Before I moved to Europe in 2007, I spent almost a decade in Toronto writing about the eradication of Corporate Canada. Most big companies I followed – Inco, Falconbridge, Alcan, Dofasco, Molson, Fairmont, Four Seasons, among others – were flogged to foreigners, their head offices downgraded to branch plants or eliminated.
Were it not for ownership restrictions, the banks also would have surrendered to the cult of shareholder value – take the premium and hit the links. Canadians were sellers, not builders. If there was one company that was safe from the takeover onslaught, it was Barrick Gold, I thought. I was both right and wrong, but more wrong.
At the time, Barrick was run by its founder, Peter Munk, the Hungarian-born Canadian patriot who wanted to build the world’s biggest gold miner. After achieving that goal, he mused about creating a diversified resources giant, the equivalent of a BHP Billiton or Rio Tinto under the Maple Leaf.
But he was too late: By the time he was ready to put the pieces together, in the middle part of the previous decade, all his potential targets, including Inco, had been plucked clean from the Toronto stock market.
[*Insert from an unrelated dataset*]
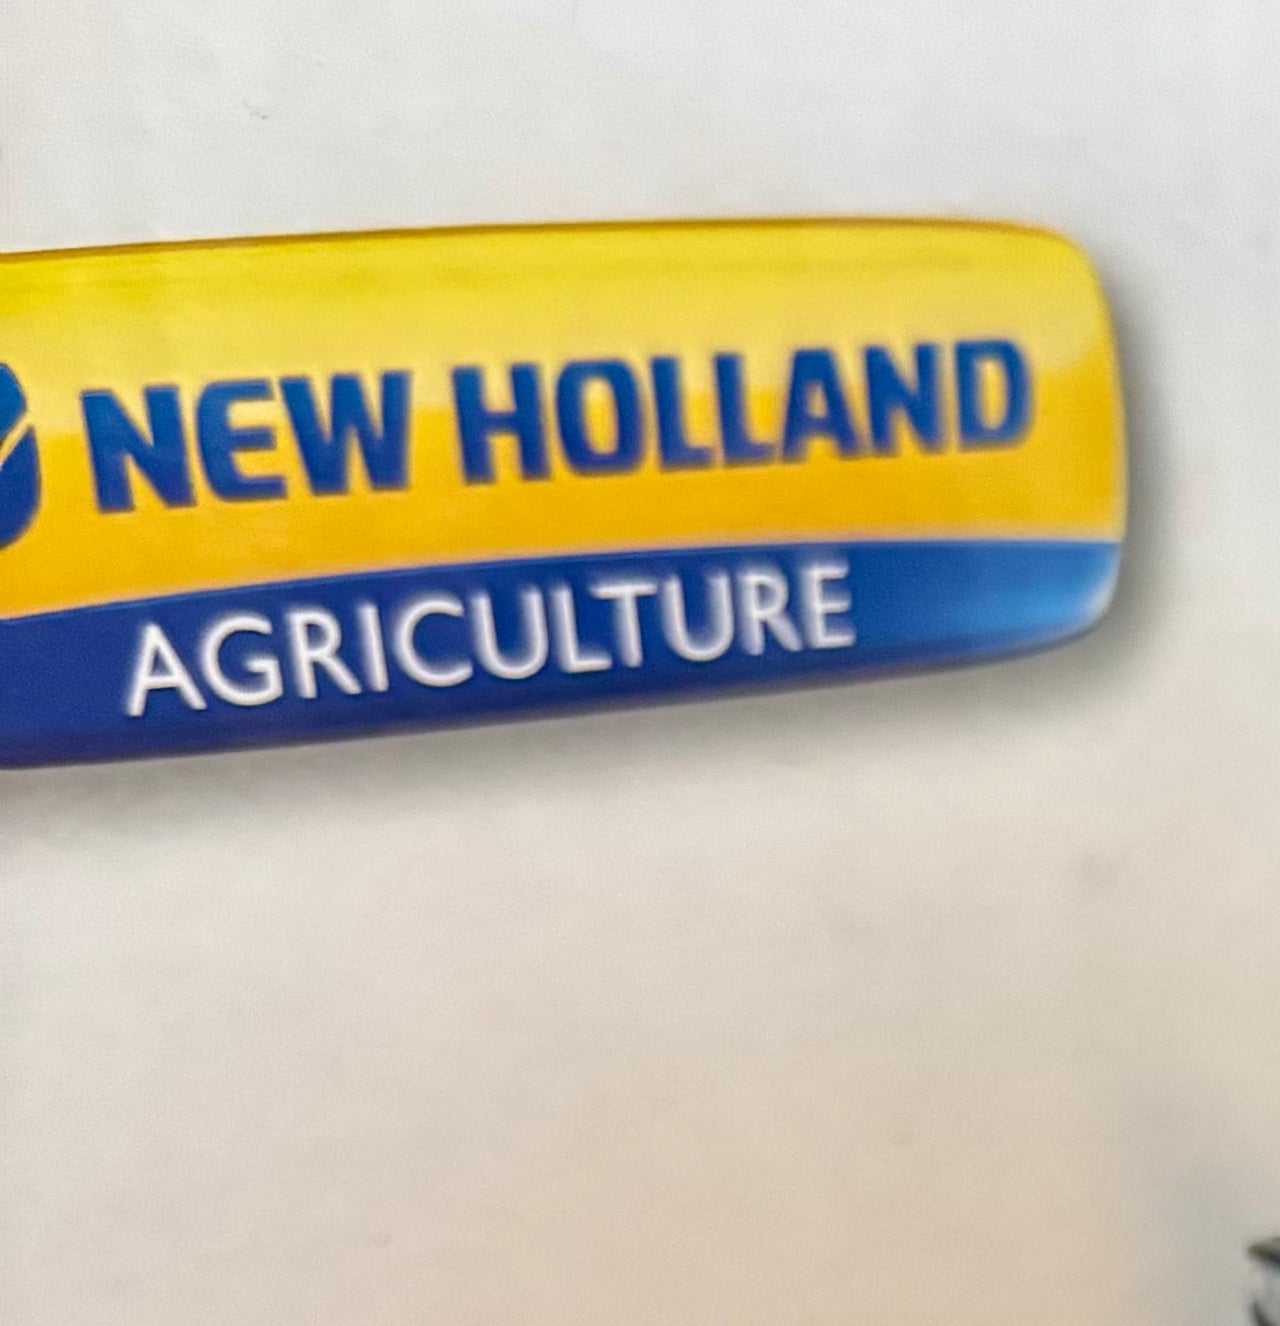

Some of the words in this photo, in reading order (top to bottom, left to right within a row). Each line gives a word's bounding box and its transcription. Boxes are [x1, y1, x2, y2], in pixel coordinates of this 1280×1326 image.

[80, 370, 412, 514] NEW
[452, 338, 1034, 485] HOLLAND
[126, 561, 856, 716] AGRICULTURE
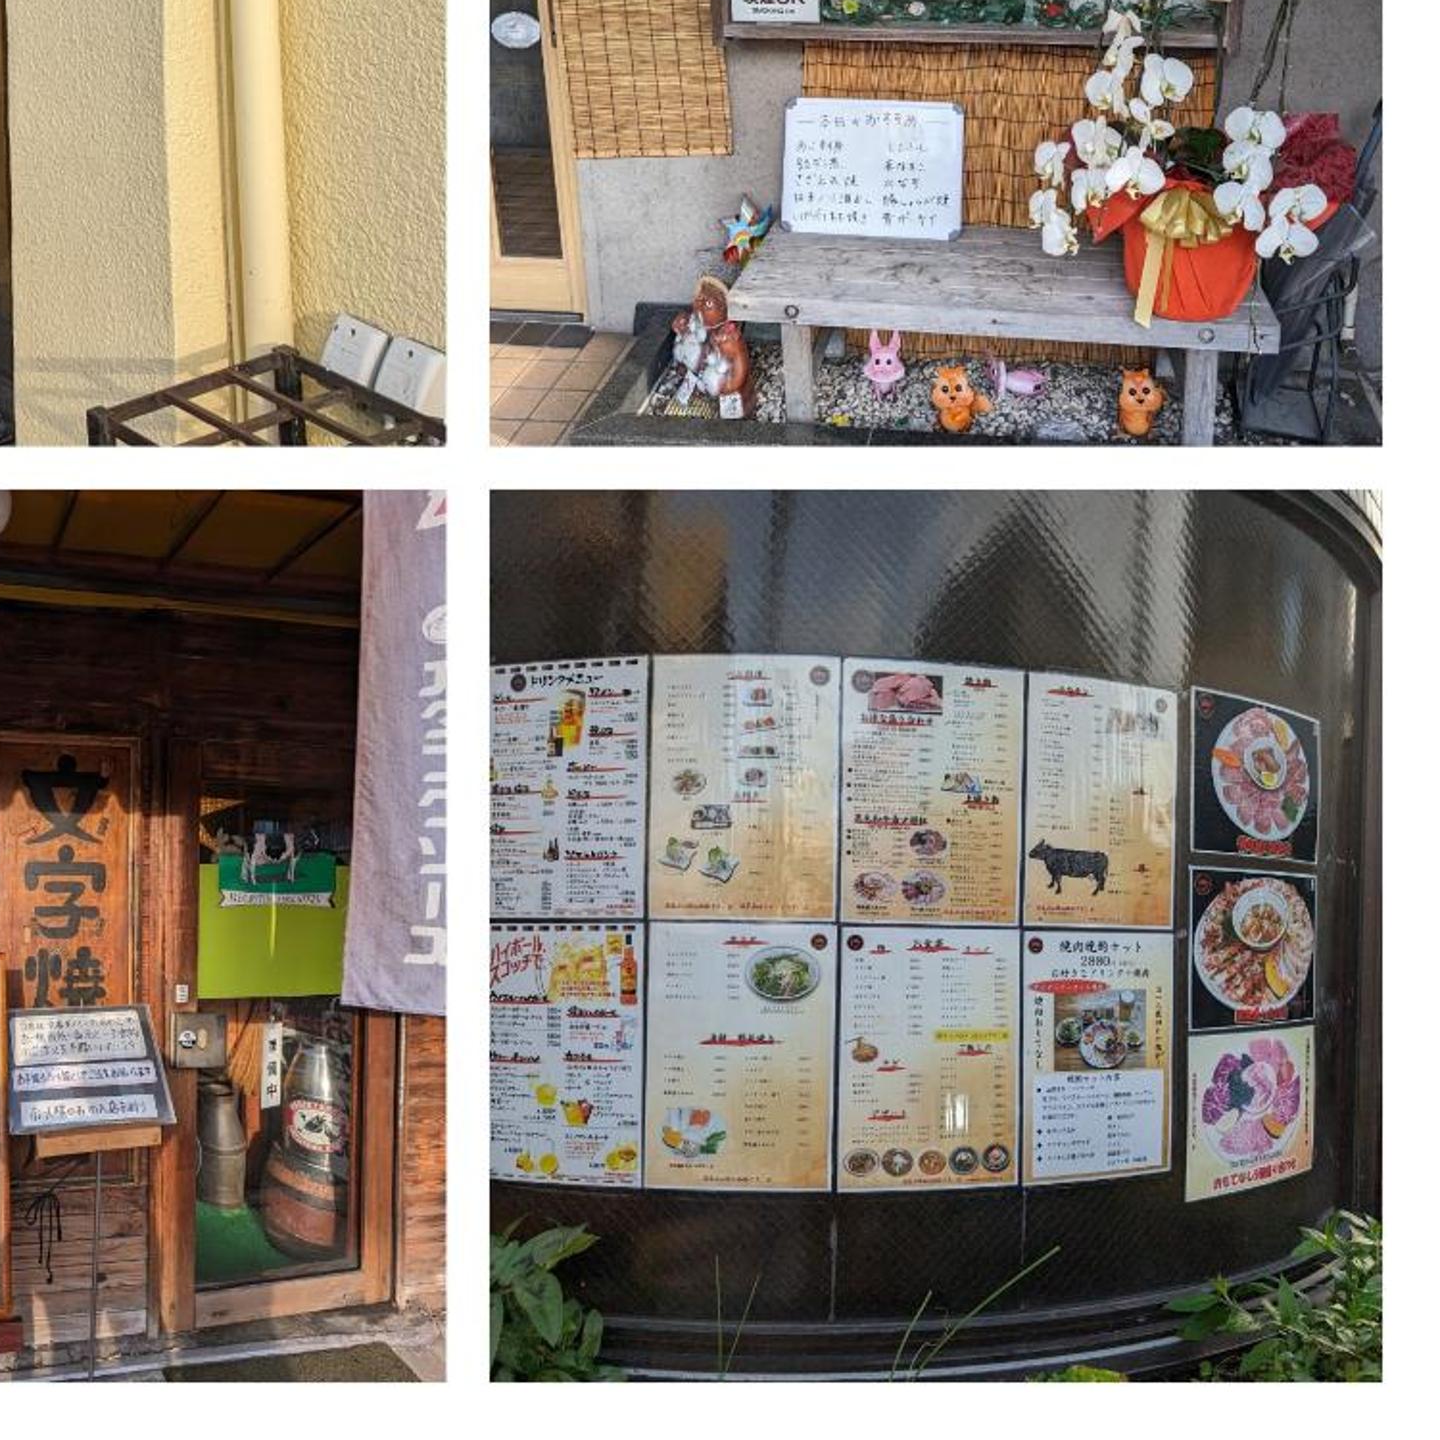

Still, Barrick was the biggest of its kind and devoted to keeping its head office in Toronto – Canada could lay claim to at least one world-class mining company. But after Mr. Munk stepped down as chairman in 2014, the Barrick narrative changed subtly, perhaps without Mr. Munk even noticing it (he was fighting a losing battle to stay healthy and died last March at the age of 90).